Johann Schalper fürchtet, dass angesichts der hohen Mietpreise in München und der Elektrifizierung der Bahnlinie noch mehr Münchner nach Mindelheim drängen würden. Stadtrat Peter Miller (ÖDP) kann hingegen keine Hinweise erkennen, dass tatsächlich aus München Druck auf den hiesigen Wohnungsmarkt ausgeübt werde.
● Ökologie Hier hakte besonders Roland Peter nach. Er wollte wissen, ob eine Wiese, die im Norden bebaut werde, ökologisch weniger wert sei als die Lautenwirtswiese. Hier konnte die Bürgerinitiative keine überzeugende Antwort liefern.

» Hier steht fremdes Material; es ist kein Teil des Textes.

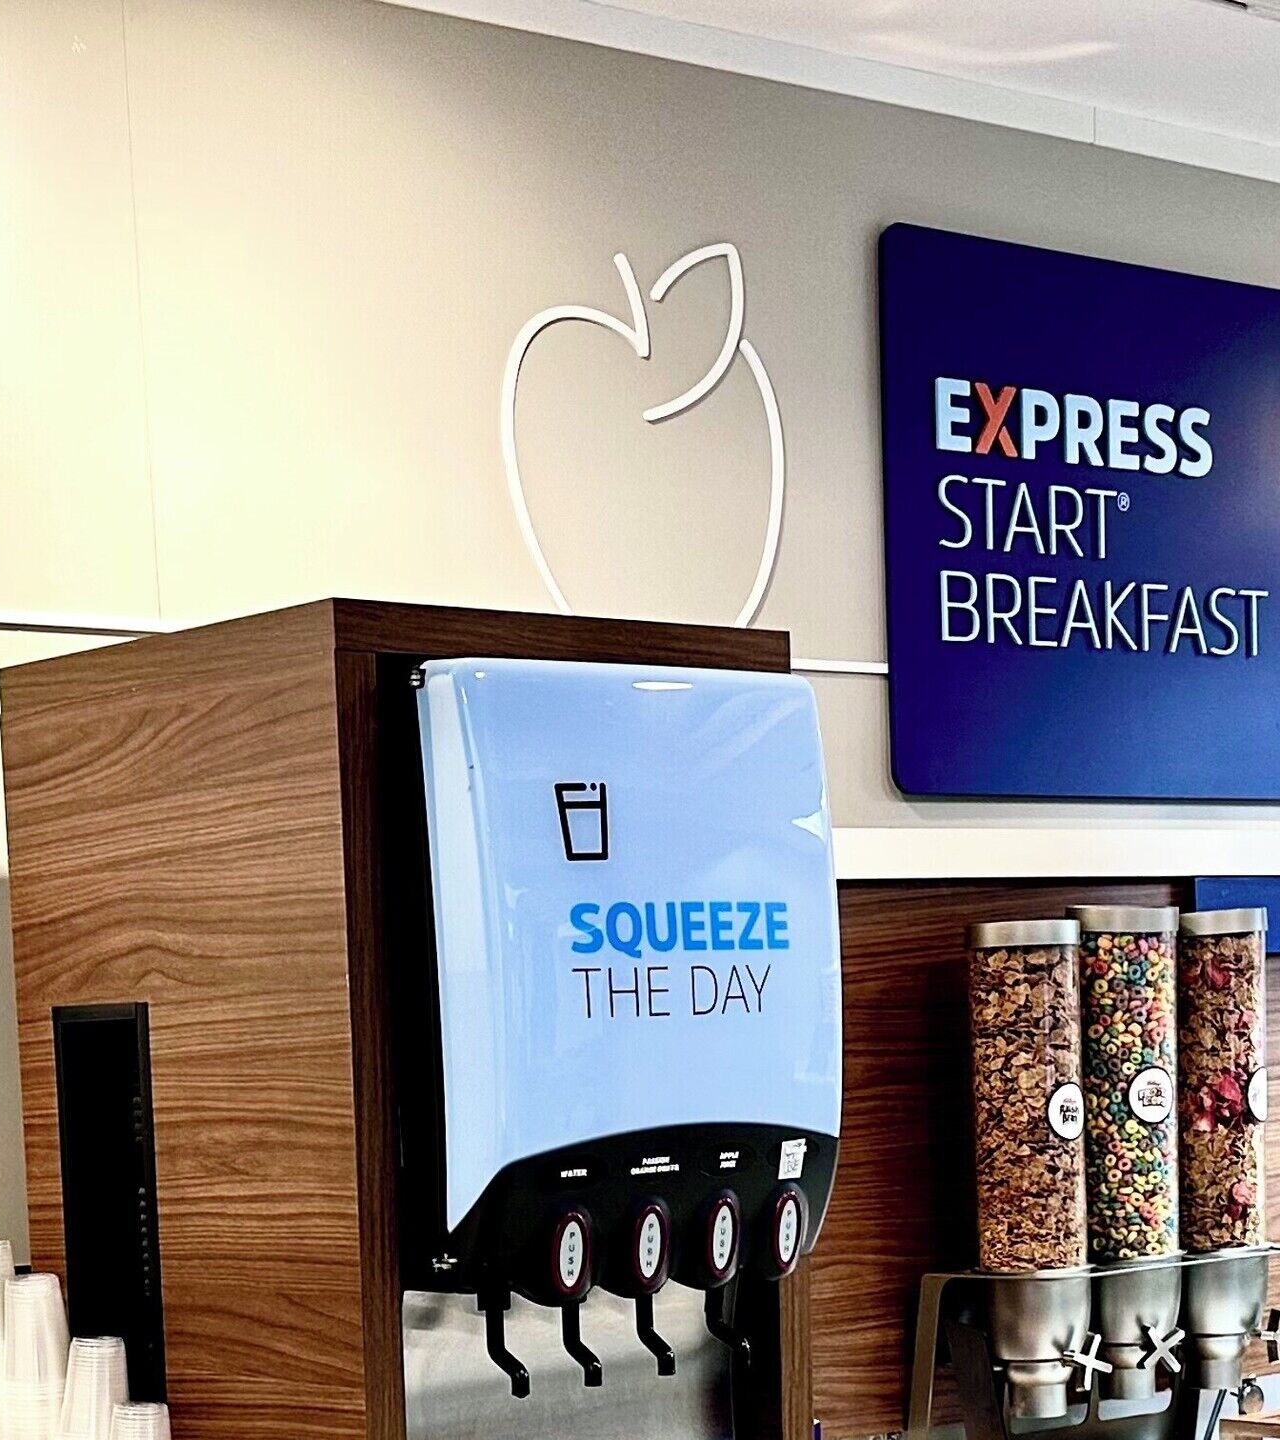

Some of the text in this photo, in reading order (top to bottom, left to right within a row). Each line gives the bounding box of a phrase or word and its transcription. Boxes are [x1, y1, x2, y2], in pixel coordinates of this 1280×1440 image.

● Emotionen Beide Seiten beklagten, dass der Streit um die Zukunft der Wiese erheblich belaste. Annerose Mehnert wünscht sich, dass man auch andere Meinungen gelten lasse. Streitel sagte, niemand wolle dem Orden etwas wegnehmen. Es sei nicht immer leicht, die Spannungen auszuhalten. Schwester Marianne bedauerte, dass sich der Streit so hochgeschaukelt habe. „Das belastet sehr“und binde viele Kräfte. Anliegen des Ordens sei es nie gewesen, aus der Wiese maximal Profit herauszuschlagen. Der Bürgerentscheid habe das Projekt jetzt schon verteuert, weil erst verspätet ausgeschrieben werden könne.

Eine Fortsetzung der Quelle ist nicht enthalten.